2018-01-19 18:36:03.930 74015 ERROR neutron.agent.l3.router_info Traceback (most recent call last):
2018-01-19 18:36:03.930 74015 ERROR neutron.agent.l3.router_info File "/usr/lib/python2.7/site-packages/neutron/common/utils.py", line 256, in call
2018-01-19 18:36:03.930 74015 ERROR neutron.agent.l3.router_info return func(*args, **kwargs)
2018-01-19 18:36:03.930 74015 ERROR neutron.agent.l3.router_info File "/usr/lib/python2.7/site-packages/neutron/agent/l3/router_info.py", line 1116, in process
2018-01-19 18:36:03.930 74015 ERROR neutron.agent.l3.router_info self.process_external()
2018-01-19 18:36:03.930 74015 ERROR neutron.agent.l3.router_info File "/usr/lib/python2.7/site-packages/neutron/agent/l3/router_info.py", line 910, in process_external
2018-01-19 18:36:03.930 74015 ERROR neutron.agent.l3.router_info self.update_fip_statuses(fip_statuses)
2018-01-19 18:36:03.930 74015 ERROR neutron.agent.l3.router_info File "/usr/lib/python2.7/site-packages/neutron/agent/l3/router_info.py", line 926, in update_fip_statuses
2018-01-19 18:36:03.930 74015 ERROR neutron.agent.l3.router_info self.agent.context, self.router_id, fip_statuses)
2018-01-19 18:36:03.930 74015 ERROR neutron.agent.l3.router_info File "/usr/lib/python2.7/site-packages/neutron/agent/l3/agent.py", line 125, in update_floatingip_statuses
2018-01-19 18:36:03.930 74015 ERROR neutron.agent.l3.router_info router_id=router_id, fip_statuses=fip_statuses)

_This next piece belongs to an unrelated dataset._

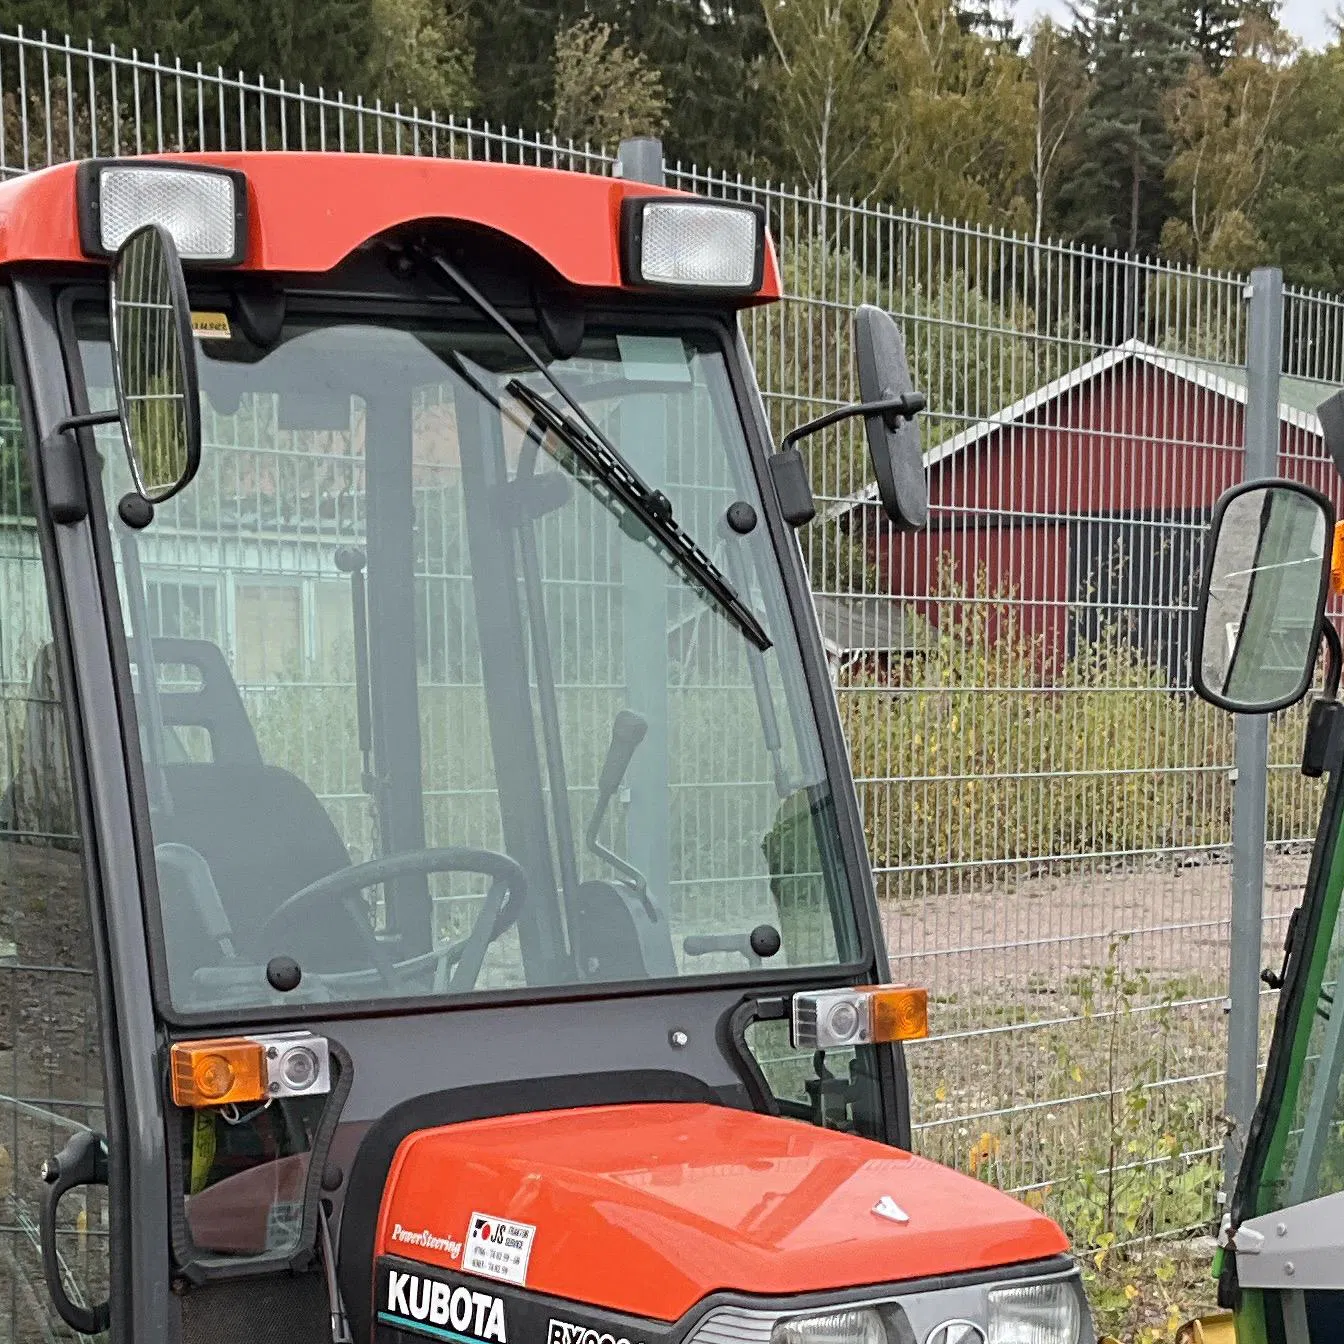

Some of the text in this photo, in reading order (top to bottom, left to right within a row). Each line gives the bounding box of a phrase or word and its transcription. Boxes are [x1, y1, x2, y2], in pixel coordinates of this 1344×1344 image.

2018-01-19 18:36:03.930 74015 ERROR neutron.agent.l3.router_info File "/usr/lib/python2.7/site-packages/neutron/common/rpc.py", line 151, in call
2018-01-19 18:36:03.930 74015 ERROR neutron.agent.l3.router_info return self._original_context.call(ctxt, method, **kwargs)
2018-01-19 18:36:03.930 74015 ERROR neutron.agent.l3.router_info File "/usr/lib/python2.7/site-packages/oslo_messaging/rpc/client.py", line 169, in call
2018-01-19 18:36:03.930 74015 ERROR neutron.agent.l3.router_info retry=self.retry)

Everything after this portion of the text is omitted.